* DATA SUPPLIED
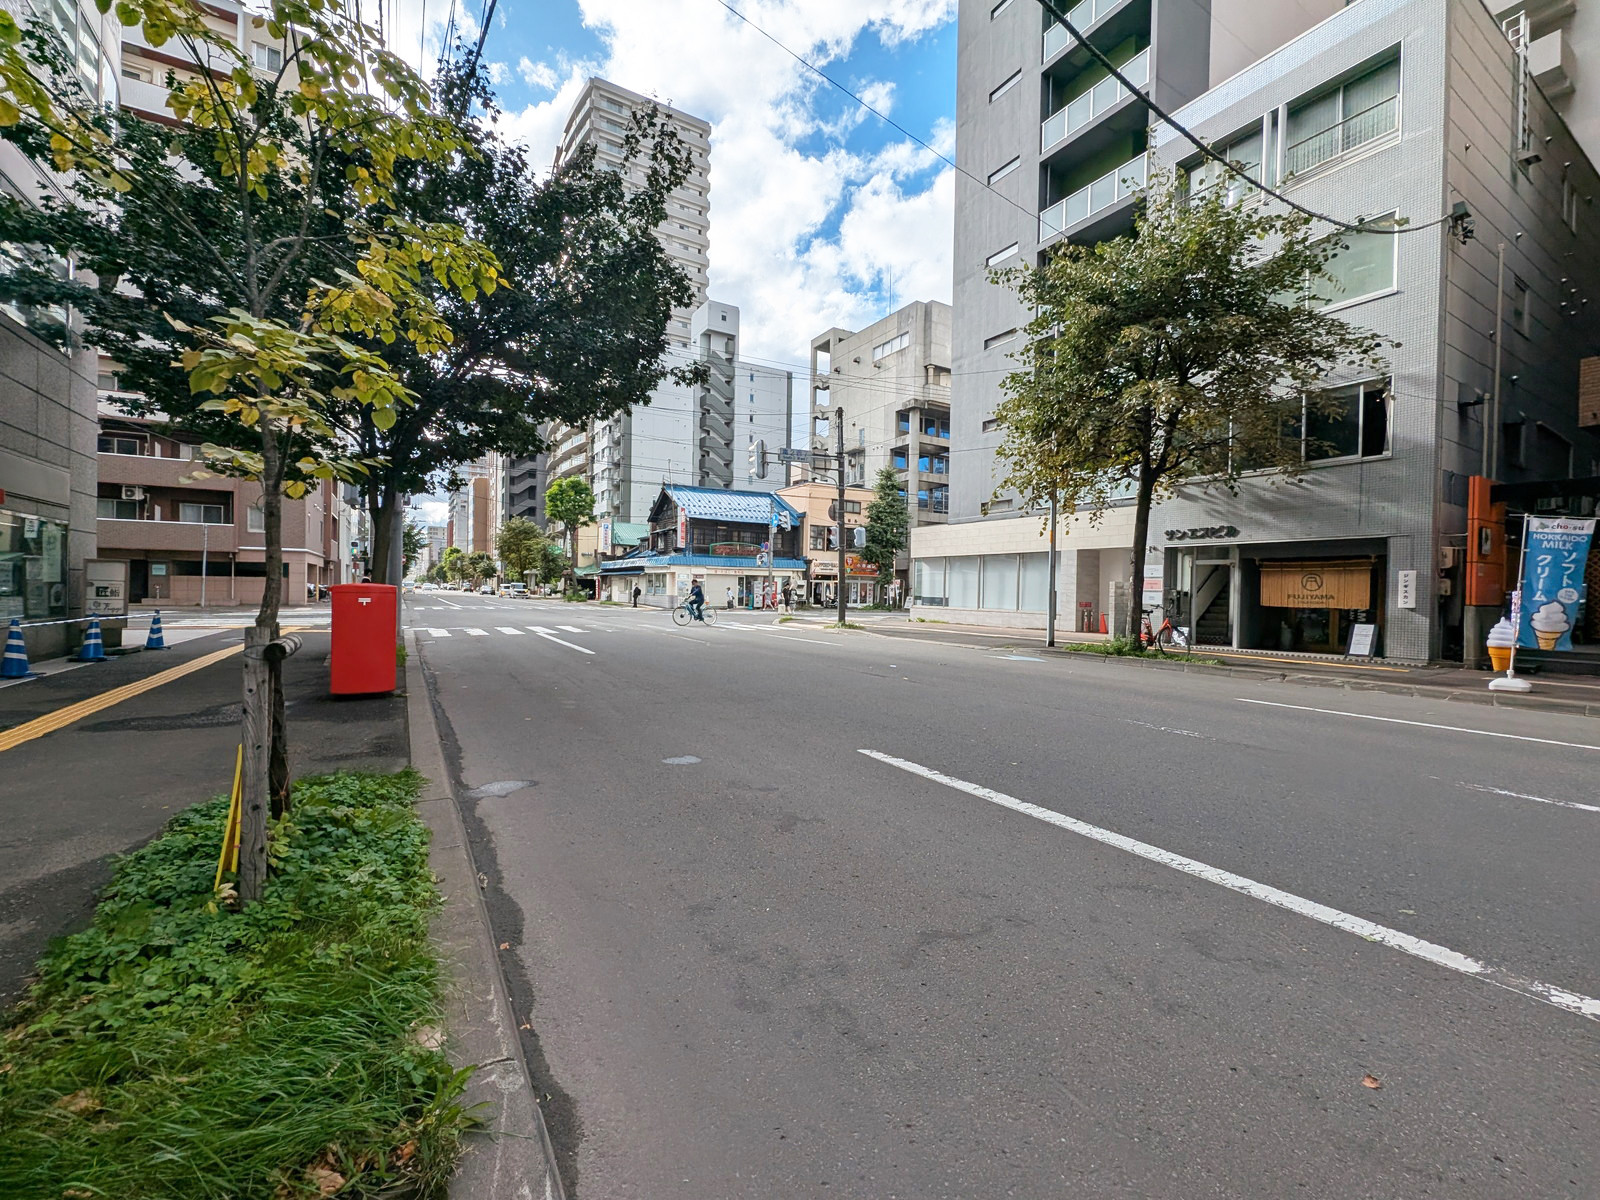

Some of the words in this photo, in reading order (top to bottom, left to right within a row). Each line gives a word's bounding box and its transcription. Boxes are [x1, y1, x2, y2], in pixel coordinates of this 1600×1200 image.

[1164, 526, 1241, 541] サンエスビル
[1533, 533, 1588, 542] HOKKAIDO
[1542, 541, 1573, 550] MILK
[1562, 551, 1577, 587] ソフト
[1532, 554, 1552, 601] クリーム
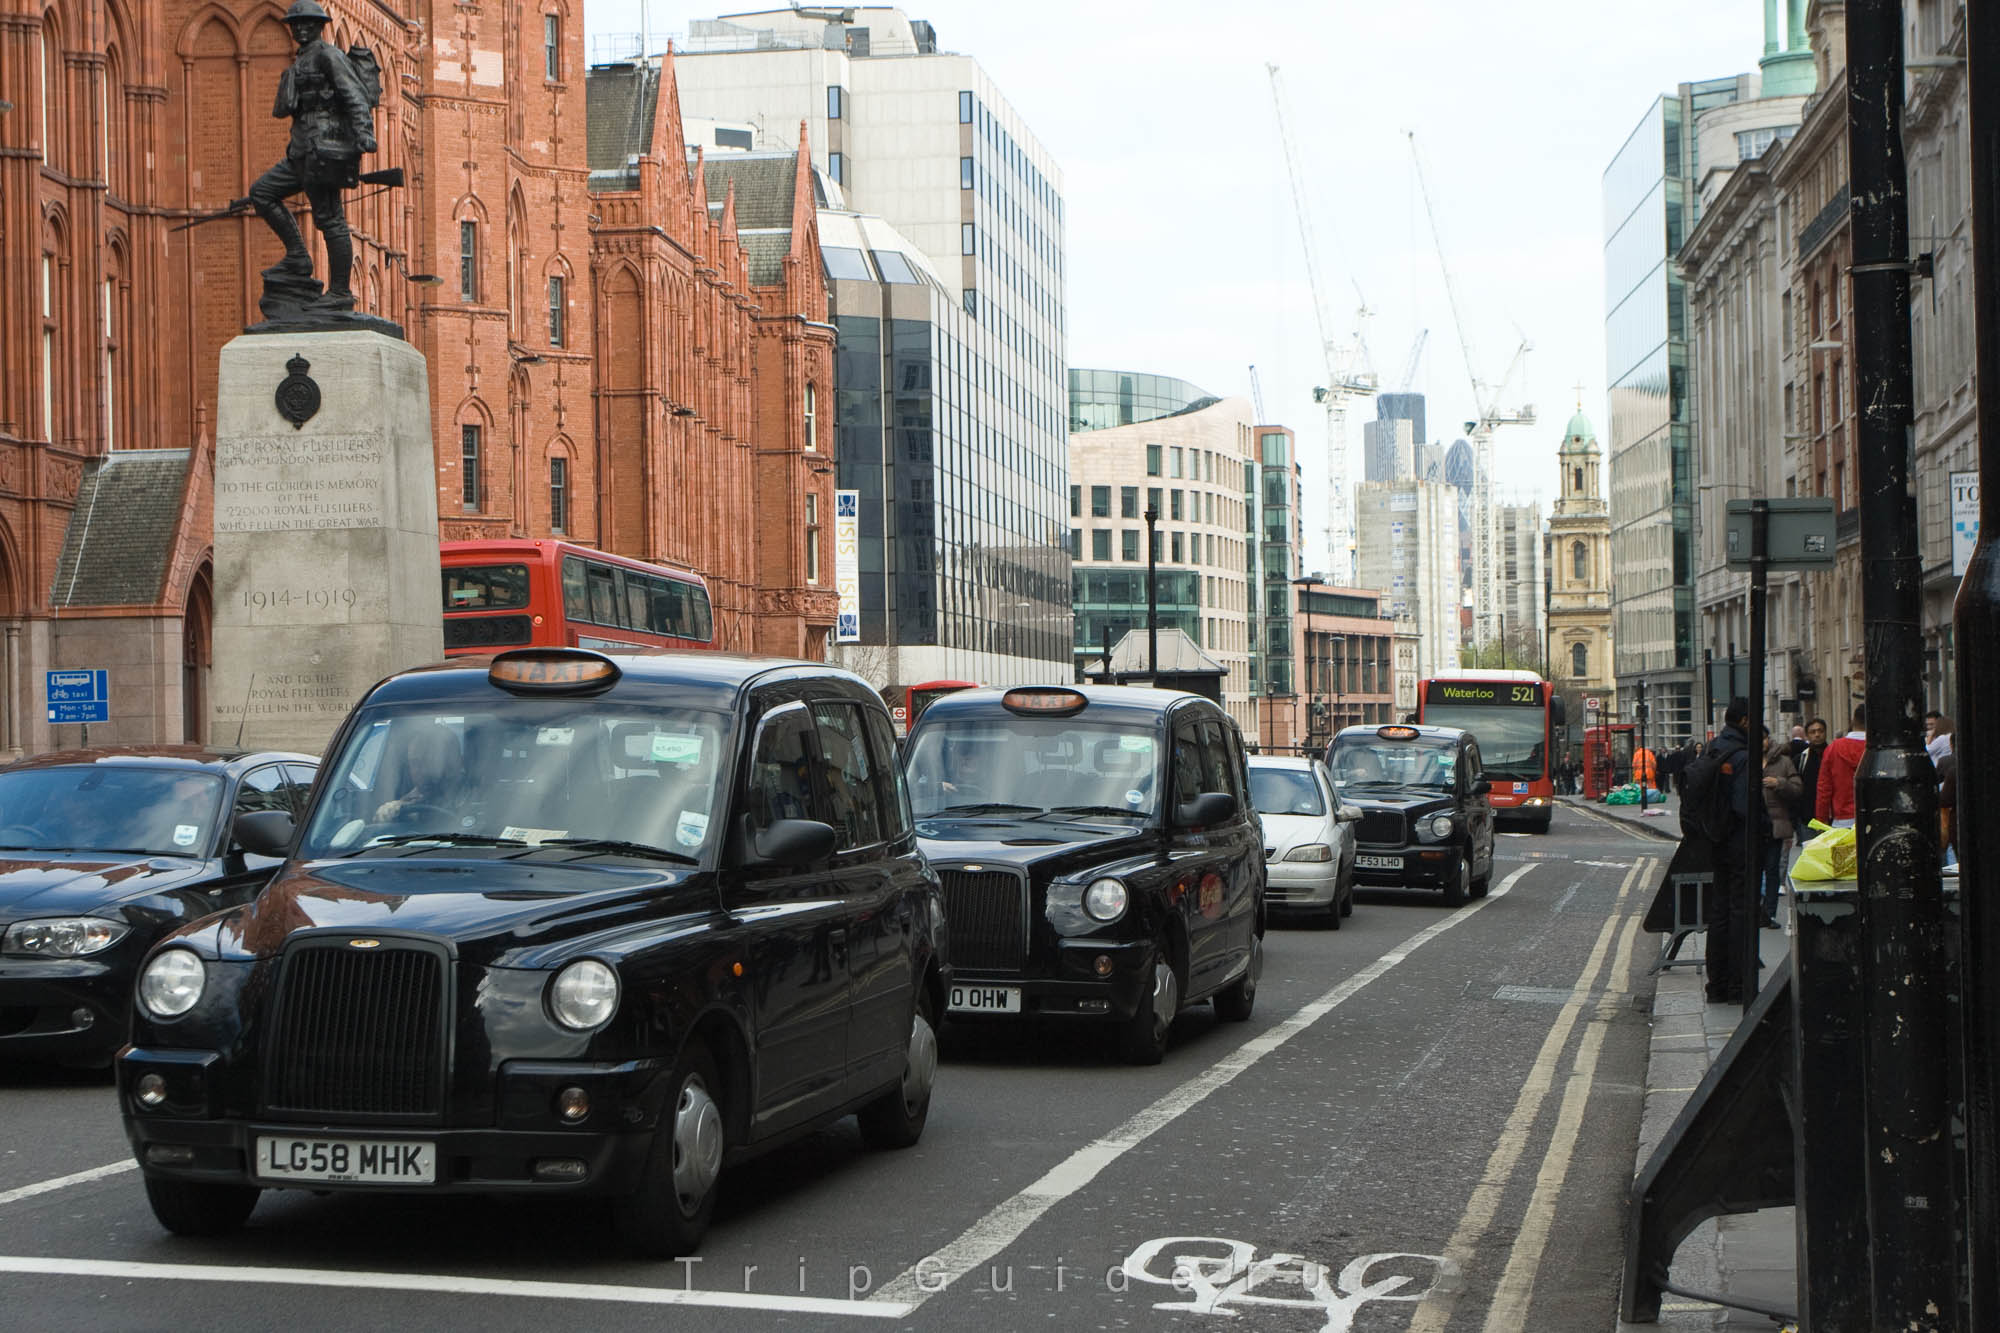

* TRY IT
Only the pictures are to be left out; repeat all other material exactly.

* EXERCISE OUTPUT
Some of the words in this photo, in reading order (top to bottom, left to right within a row). Each line gives a word's bounding box and its transcription. Boxes are [x1, y1, x2, y2], in pixel coordinates of this 1600×1200 image.

[1164, 526, 1241, 541] サンエスビル
[1533, 533, 1588, 542] HOKKAIDO
[1542, 541, 1573, 550] MILK
[1562, 551, 1577, 587] ソフト
[1532, 554, 1552, 601] クリーム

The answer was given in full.